_Your goal:_
Below are records that should be duplicated exactly, with no image retained.

[Stored data]

----

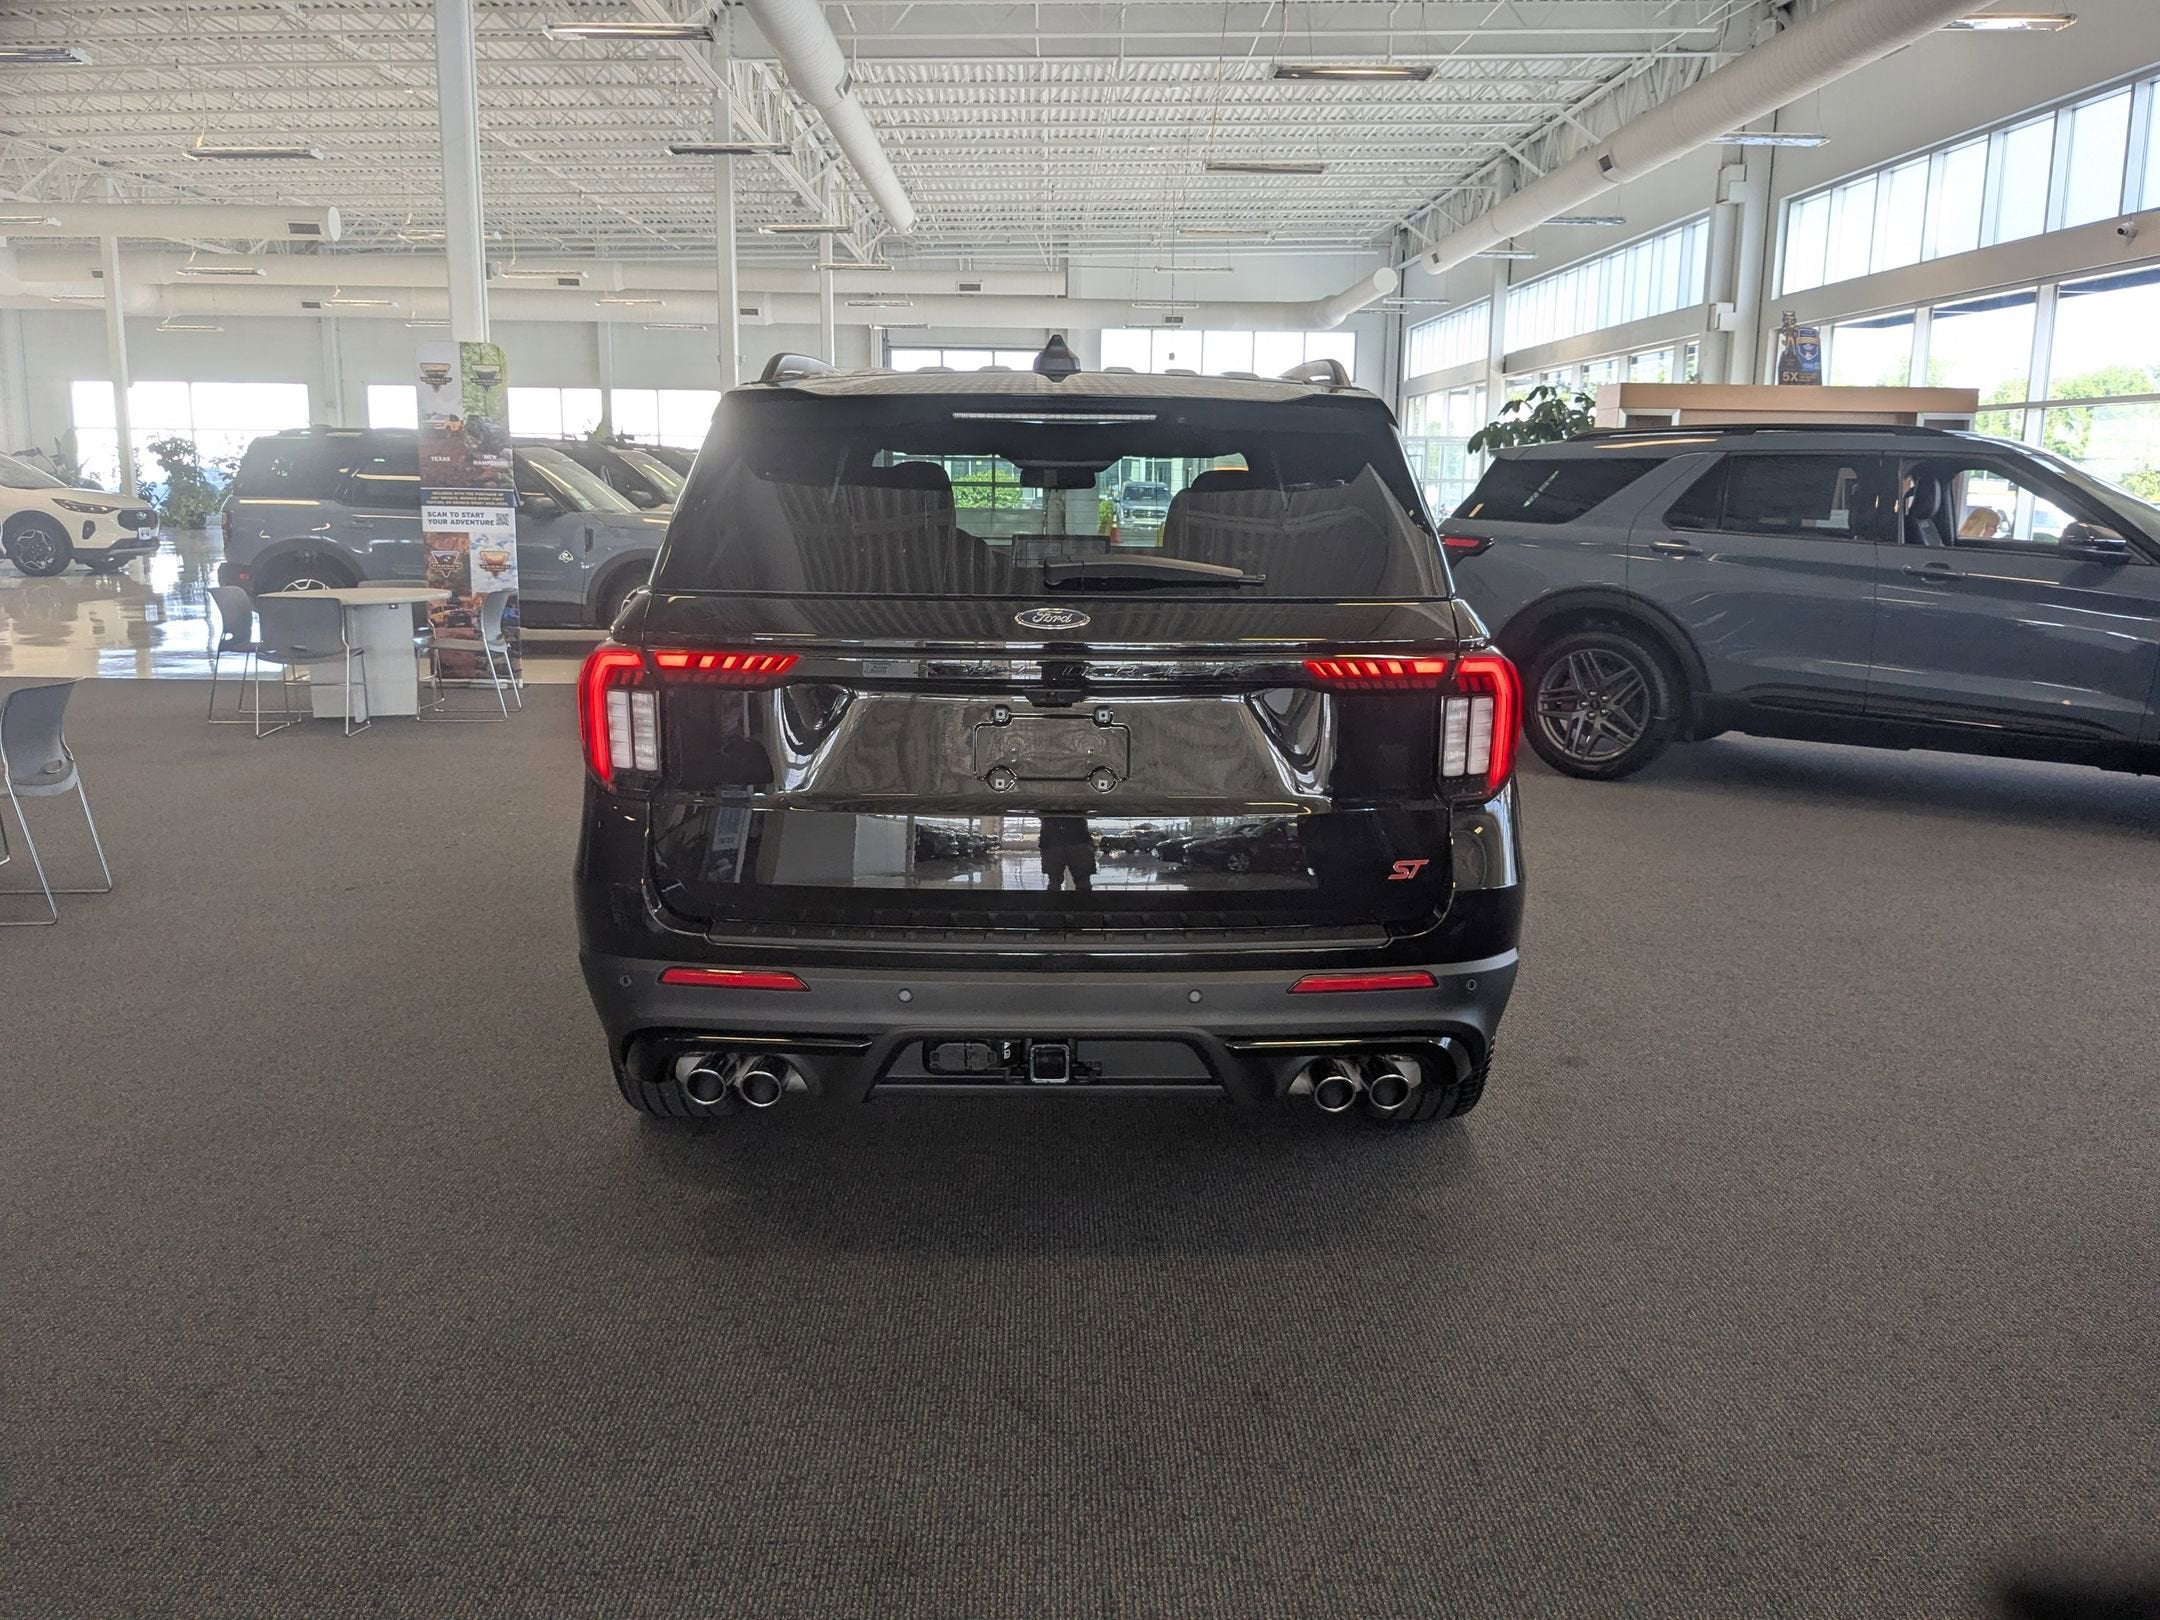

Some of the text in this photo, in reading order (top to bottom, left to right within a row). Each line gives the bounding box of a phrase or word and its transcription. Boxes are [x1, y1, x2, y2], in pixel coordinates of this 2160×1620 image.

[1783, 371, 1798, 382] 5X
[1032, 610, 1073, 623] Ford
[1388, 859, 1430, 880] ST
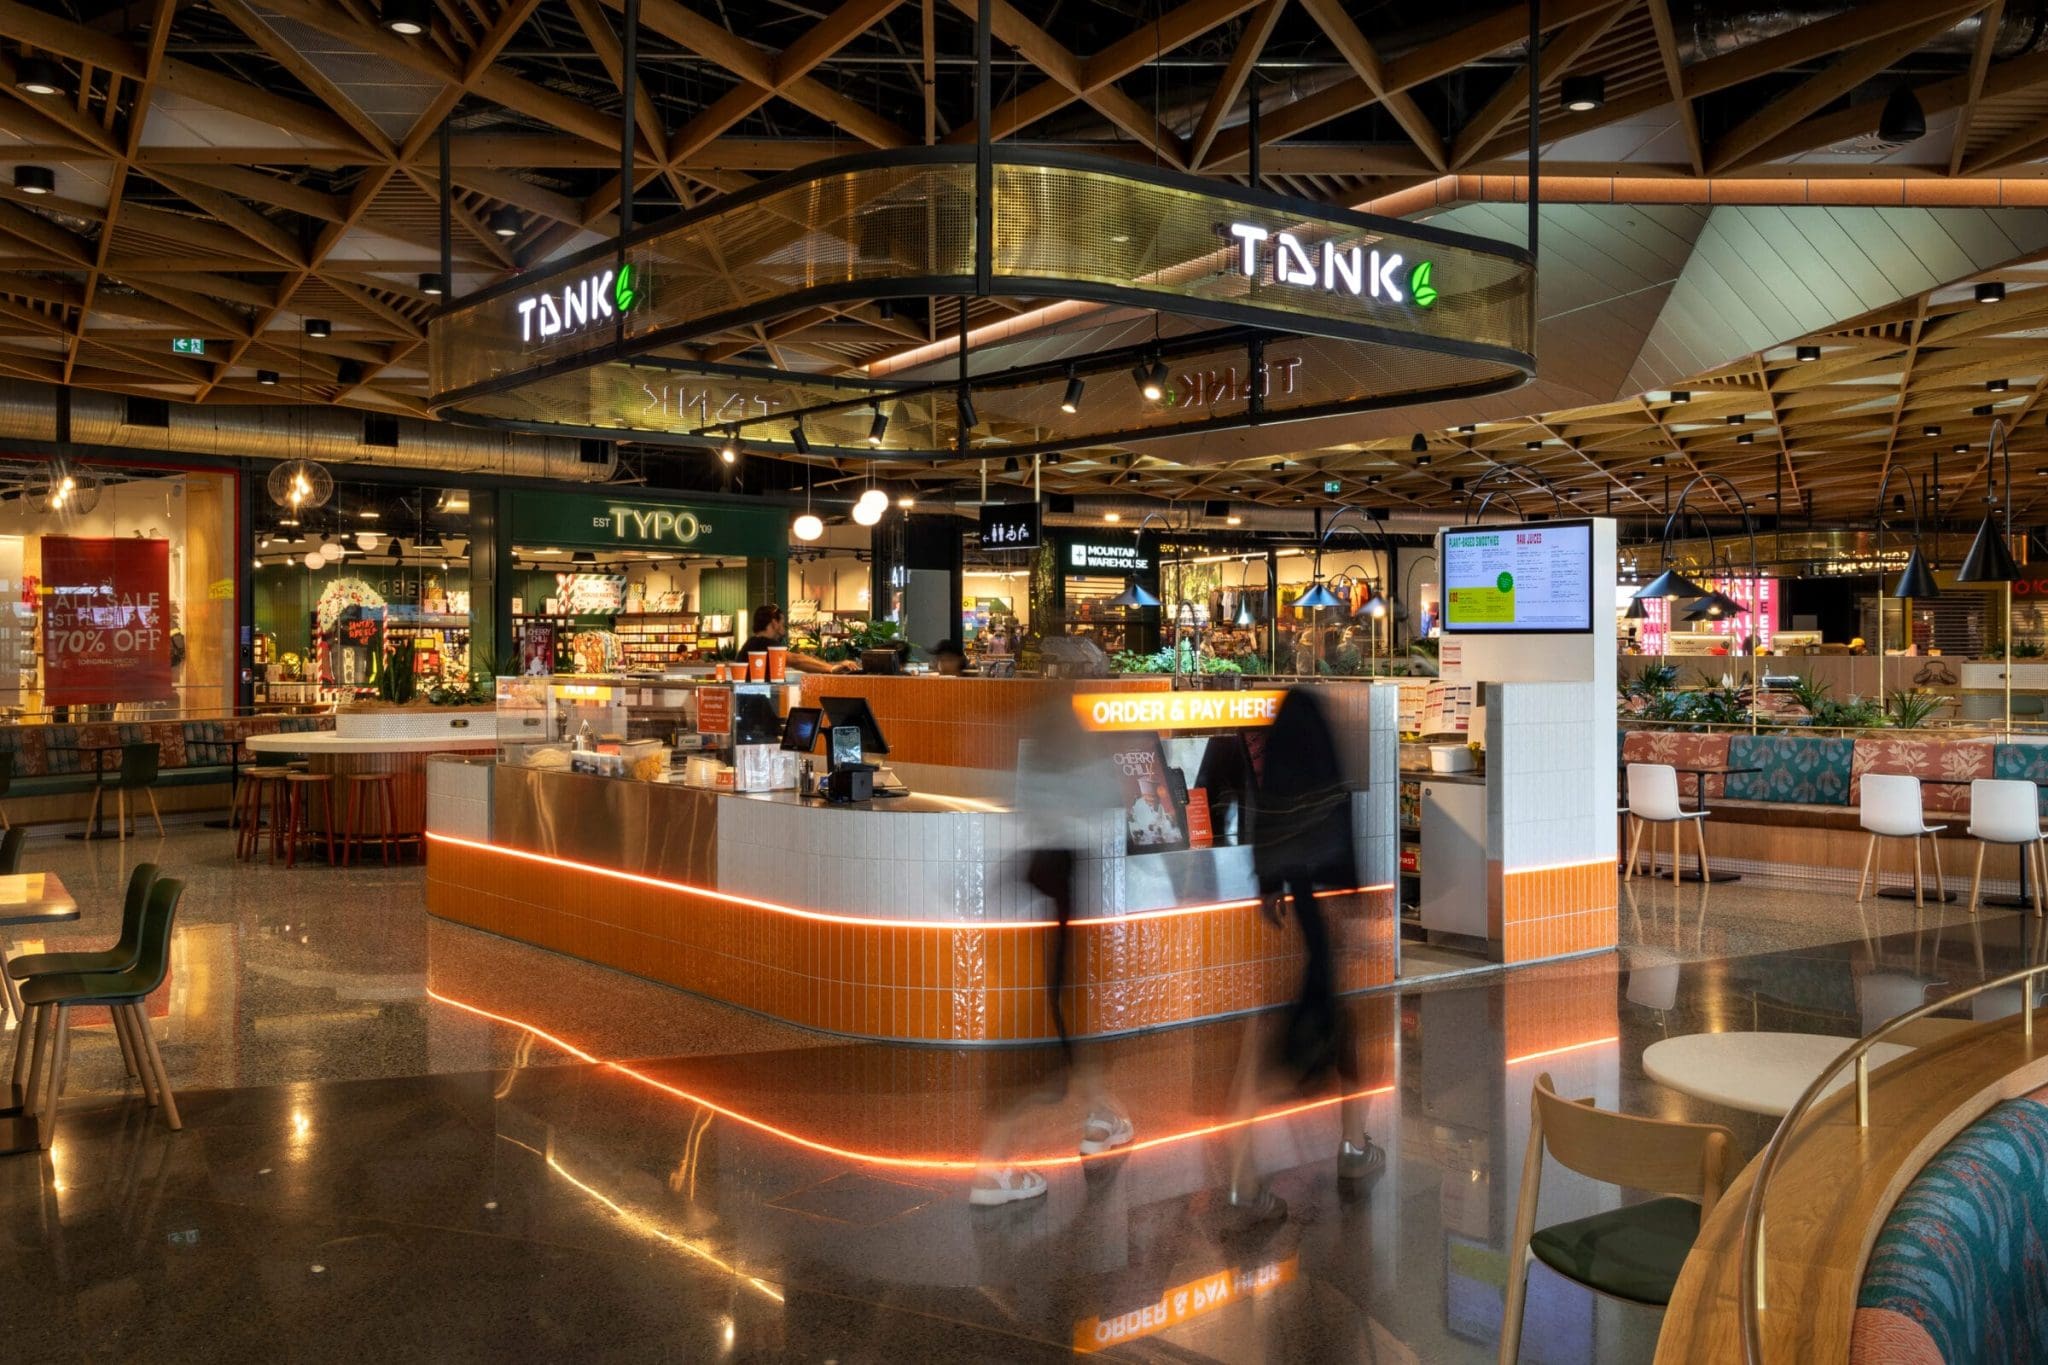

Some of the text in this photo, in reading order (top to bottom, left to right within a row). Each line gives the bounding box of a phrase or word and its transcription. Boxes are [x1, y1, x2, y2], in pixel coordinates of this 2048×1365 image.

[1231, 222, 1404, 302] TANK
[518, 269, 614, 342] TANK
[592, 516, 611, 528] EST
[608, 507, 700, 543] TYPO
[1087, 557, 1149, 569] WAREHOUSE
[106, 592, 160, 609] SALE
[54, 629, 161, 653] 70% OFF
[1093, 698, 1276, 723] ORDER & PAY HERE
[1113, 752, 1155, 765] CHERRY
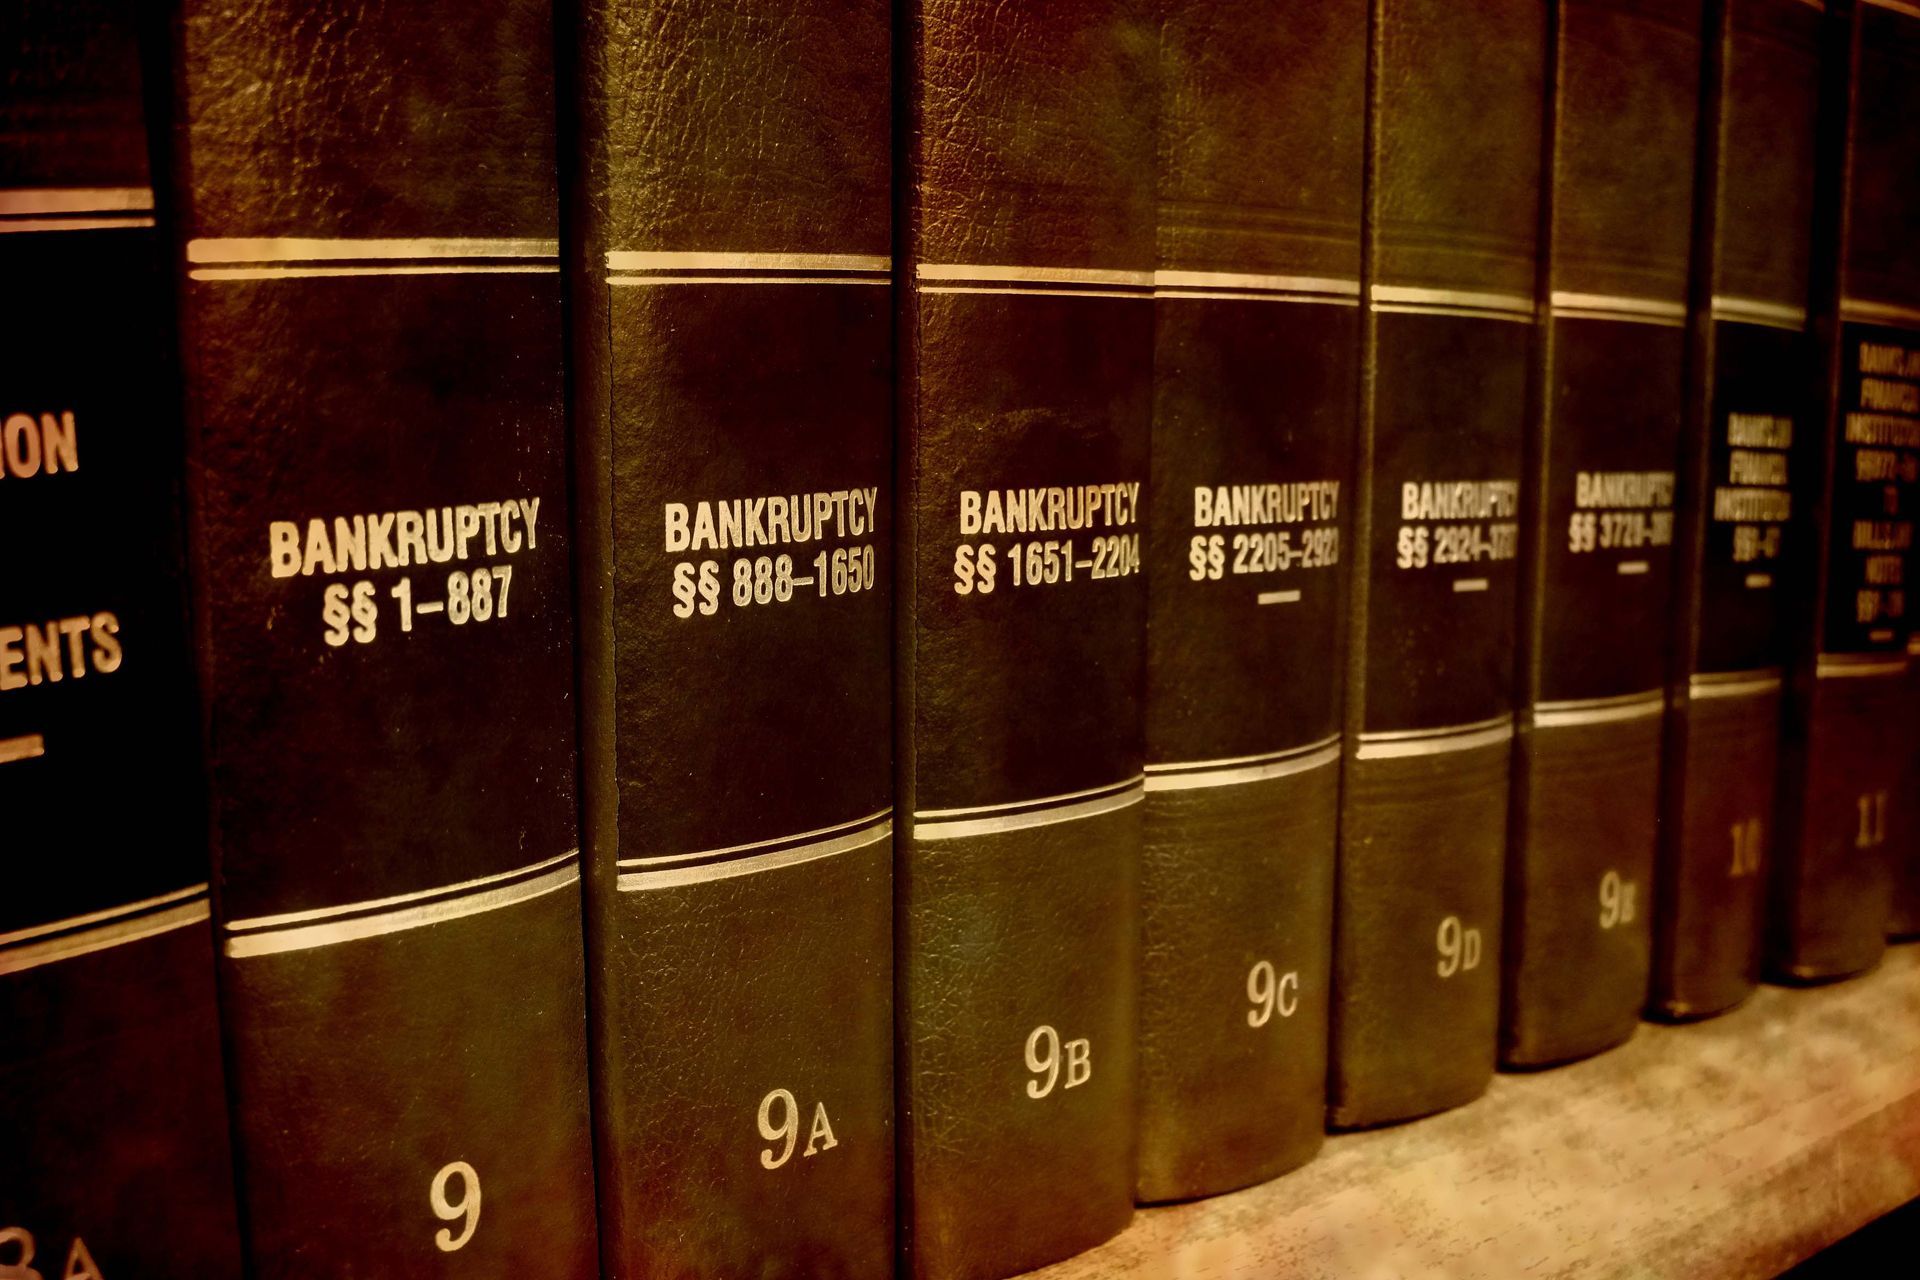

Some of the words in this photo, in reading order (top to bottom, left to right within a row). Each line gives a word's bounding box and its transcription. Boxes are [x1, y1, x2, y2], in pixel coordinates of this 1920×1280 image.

----

_Result:_
Some of the text in this photo, in reading order (top to bottom, left to right within a row). Each line gives the bounding box of a phrase or word and its transcription. Boxes are [x1, y1, x2, y2], in pixel coordinates of this 2160×1620 image.

[1783, 371, 1798, 382] 5X
[1032, 610, 1073, 623] Ford
[1388, 859, 1430, 880] ST

Some of the text in this photo, in reading order (top to bottom, left to right within a row). Each line gives the bounding box of a phrase or word and its transcription. Boxes are [x1, y1, x2, y2], in pixel coordinates of this 2048×1365 image.

[1231, 222, 1404, 302] TANK
[518, 269, 614, 342] TANK
[592, 516, 611, 528] EST
[608, 507, 700, 543] TYPO
[1087, 557, 1149, 569] WAREHOUSE
[106, 592, 160, 609] SALE
[54, 629, 161, 653] 70% OFF
[1093, 698, 1276, 723] ORDER & PAY HERE
[1113, 752, 1155, 765] CHERRY

Some of the words in this photo, in reading order (top to bottom, left to right within a row). Each line gives a word's bounding box and its transcription. Boxes are [x1, y1, x2, y2], in pixel coordinates of this 1920×1280 image.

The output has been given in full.